Sí, abuelo: tuve la impresión de verte a ti, exactamente a ti, de pie, en medio del jardín, envuelto en tu guardapolvos, sin boina tu cabeza gris, y de pronto era solamente una lechuza sobre aquella piedra cilíndrica, la que sirvió de asiento durante tantos años junto a la fuente.

Yo me había detenido un poco más allá de la puerta del corredor y observaba la huerta, en el mismo punto en que, de niño (era un lugar sombrío; corría siempre allí, gracias al pasillo, una suave brisa), me sentaba a leer los tebeos, después de comer.

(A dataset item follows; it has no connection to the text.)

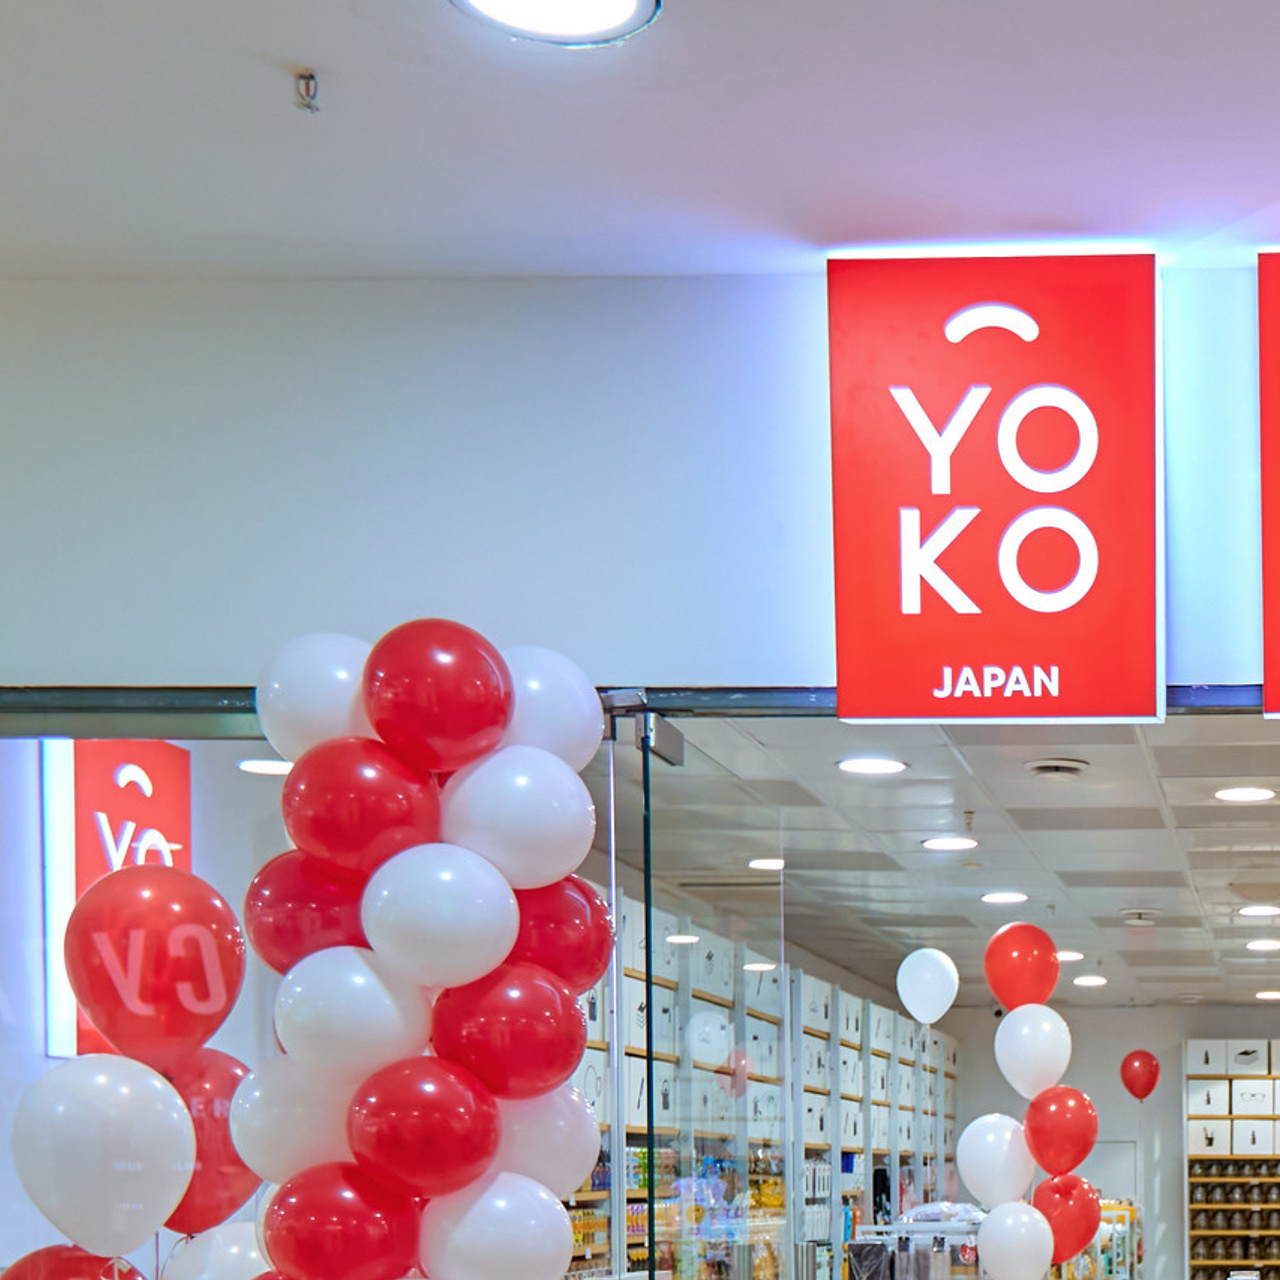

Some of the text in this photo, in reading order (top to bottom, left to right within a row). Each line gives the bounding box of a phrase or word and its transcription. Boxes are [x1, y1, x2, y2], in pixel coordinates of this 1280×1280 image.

[888, 384, 1100, 495] YO
[898, 506, 1100, 615] KO
[932, 665, 1060, 699] JAPAN

Acaso una paloma atravesaba volando el arco de las rosas y el cachorro de la Gilda, aquel que atropelló un coche, lamía el agua del charquito, al pie de la fuente, y el gato recorría el muro lentamente, justo por encima del portalón, dando breves latigazos con su rabo, al acecho de una presa invisible, resplandeciente su pelo en el filo del contraluz.

El esplendor soleado de la hora se escurría por entre las hojas de los árboles haciendo resaltar aún más las penumbras de la enramada, tiñendo tu figura y la de la abuela de una suave opacidad. También el cuerpo de Olvido se entreveraba de luces y de sombras y sólo un rayo aislado, relumbrando en el puchero que ella sostenía, anunciaba su presencia, parada junto a la mesa. Otros rayos se esparcían sobre el hule como flores, y el suave meneo de las ramas les obligaba a una danza, a un vaivén luminoso. La abuela sorbía su manzanilla con aplicado ensimismamiento. Tú revolvías el café con enérgico meneo, y el tintineo de la cucharilla resaltaba sobre los rumores suaves: el zureo de las palomas, el chorrito de la fuente.

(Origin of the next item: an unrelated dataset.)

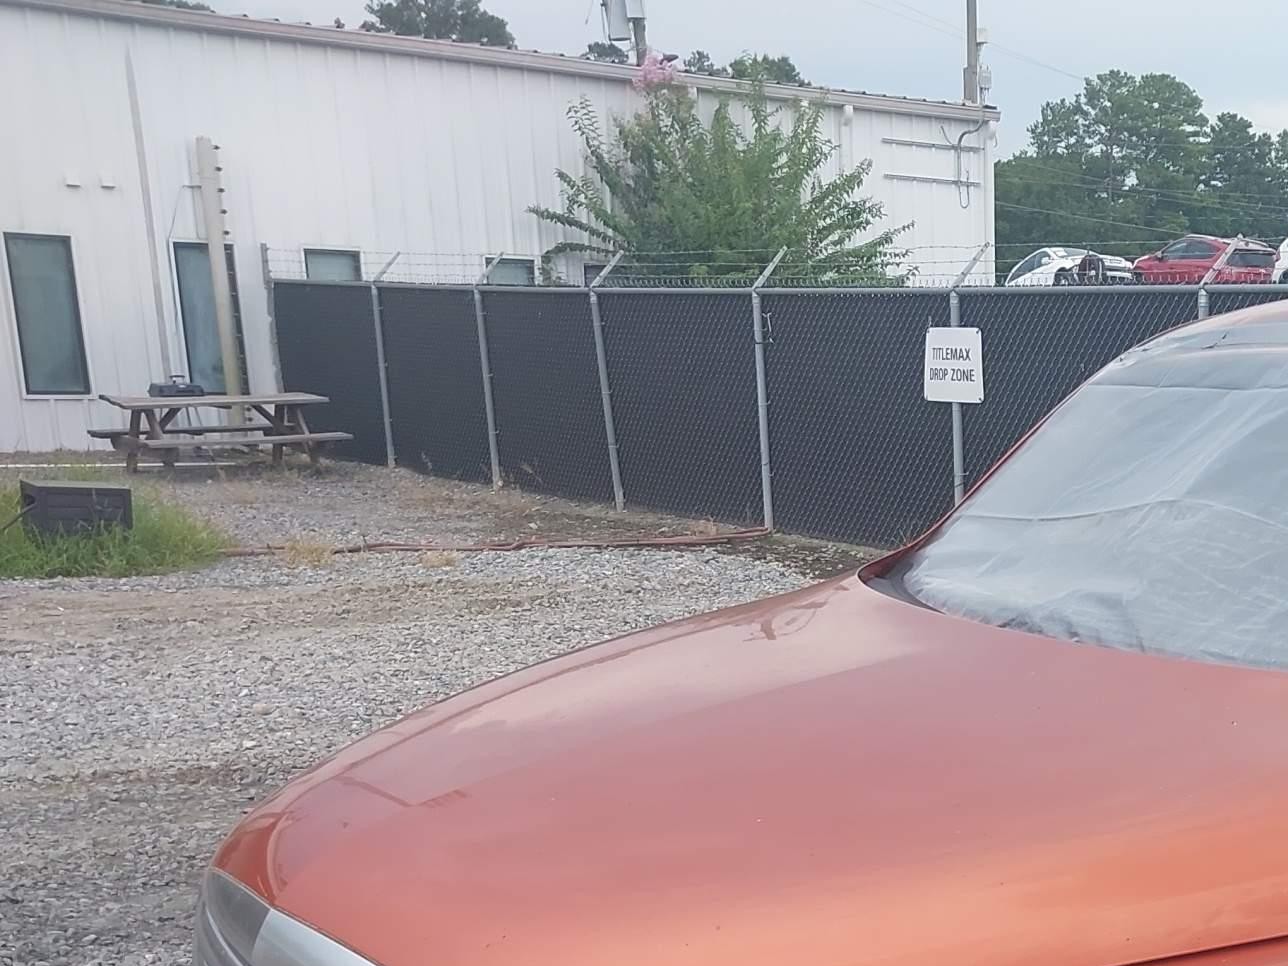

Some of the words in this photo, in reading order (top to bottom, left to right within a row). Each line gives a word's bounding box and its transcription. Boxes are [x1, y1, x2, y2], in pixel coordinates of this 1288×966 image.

Sin embargo, ninguna luminosidad ahora: sólo la noche, los árboles desnudos de ramaje, el brillo aterciopelado de la humedad. Aquellas sobremesas luminosas han desaparecido para siempre, aquella paz olorosa y redonda, aquel enardecimiento del mediodía sobre la loza, a través de las hojas, aquel piar de pájaros.

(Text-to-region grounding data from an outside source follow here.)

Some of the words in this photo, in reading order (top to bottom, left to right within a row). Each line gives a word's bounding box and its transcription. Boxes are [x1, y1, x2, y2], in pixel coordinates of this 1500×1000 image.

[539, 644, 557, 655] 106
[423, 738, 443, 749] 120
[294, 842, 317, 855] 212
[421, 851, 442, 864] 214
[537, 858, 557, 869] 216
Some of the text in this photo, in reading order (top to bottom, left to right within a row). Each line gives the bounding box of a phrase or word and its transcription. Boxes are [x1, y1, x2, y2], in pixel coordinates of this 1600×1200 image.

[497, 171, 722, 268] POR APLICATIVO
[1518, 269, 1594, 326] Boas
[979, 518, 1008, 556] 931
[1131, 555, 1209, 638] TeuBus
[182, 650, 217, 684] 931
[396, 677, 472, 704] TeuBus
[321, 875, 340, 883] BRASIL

Por un momento, me había imaginado tu presencia. Te vi como una figura real, solo y quieto allí entre los residuos sin rescoldo de unos tiempos cálidos y enteros. Aquella equivocada impresión me trajo también, con tu recuerdo, el sabor de un añejo y olvidado remordimiento. Porque me tienes que perdonar, abuelo, pero tu figura, que irradiaba para mí, cuando niño y adolescente, un aura luminosa, acabó apagando sus brillos y sus fulgores, hasta perder incluso sus contornos y emborronarse en las páginas más perdidas de la memoria.

Cuando lo pensaba, creía que aquel apagón había culminado las presiones indirectas de mi casa, el entorno reticente de mi familia: mi padre, que te evocaba con sarcástica ambigüedad; mi abuela, cuya silenciosa hostilidad hacia ti se convertía, a mis efectos, en una sutil discriminación frente a mis hermanos, traducida en aminoraciones cuando la propina, en curiosos olvidos cuando los regalos, en comentarios más severos si eran mis notas las peores (pero quizá Alfonso iba también mal en Física, o a Marcelo le habían cateado las Matemáticas, y entonces todo era exculpar a los pobrecines…). Hasta mis hermanos te eran desafectos. Y aunque a mí los cincuenta duros me quitasen entonces toda conciencia crítica, he comprendido luego cómo les disgustaba que te acordases sólo del día de mi cumpleaños.

Pero lo cierto es que, si la disposición de toda la casa parecía adversa a las visitas que yo te hacía, nunca estorbaron que te fuese a ver. Y mamá me daba siempre recuerdos para ti.

Hubo un momento en que perdiste la aureola, en que llegaste a ser incluso desdeñable a mis ojos. Y aunque durante muchos años he estado convencido de que eran ellos los insidiosos culpables de mi desvío, ahora sé que nadie sino yo mismo tuvo la culpa, que aquella actitud nacía solamente de mí. Así fue, abuelo, perdóname. Por eso no volví casi nunca.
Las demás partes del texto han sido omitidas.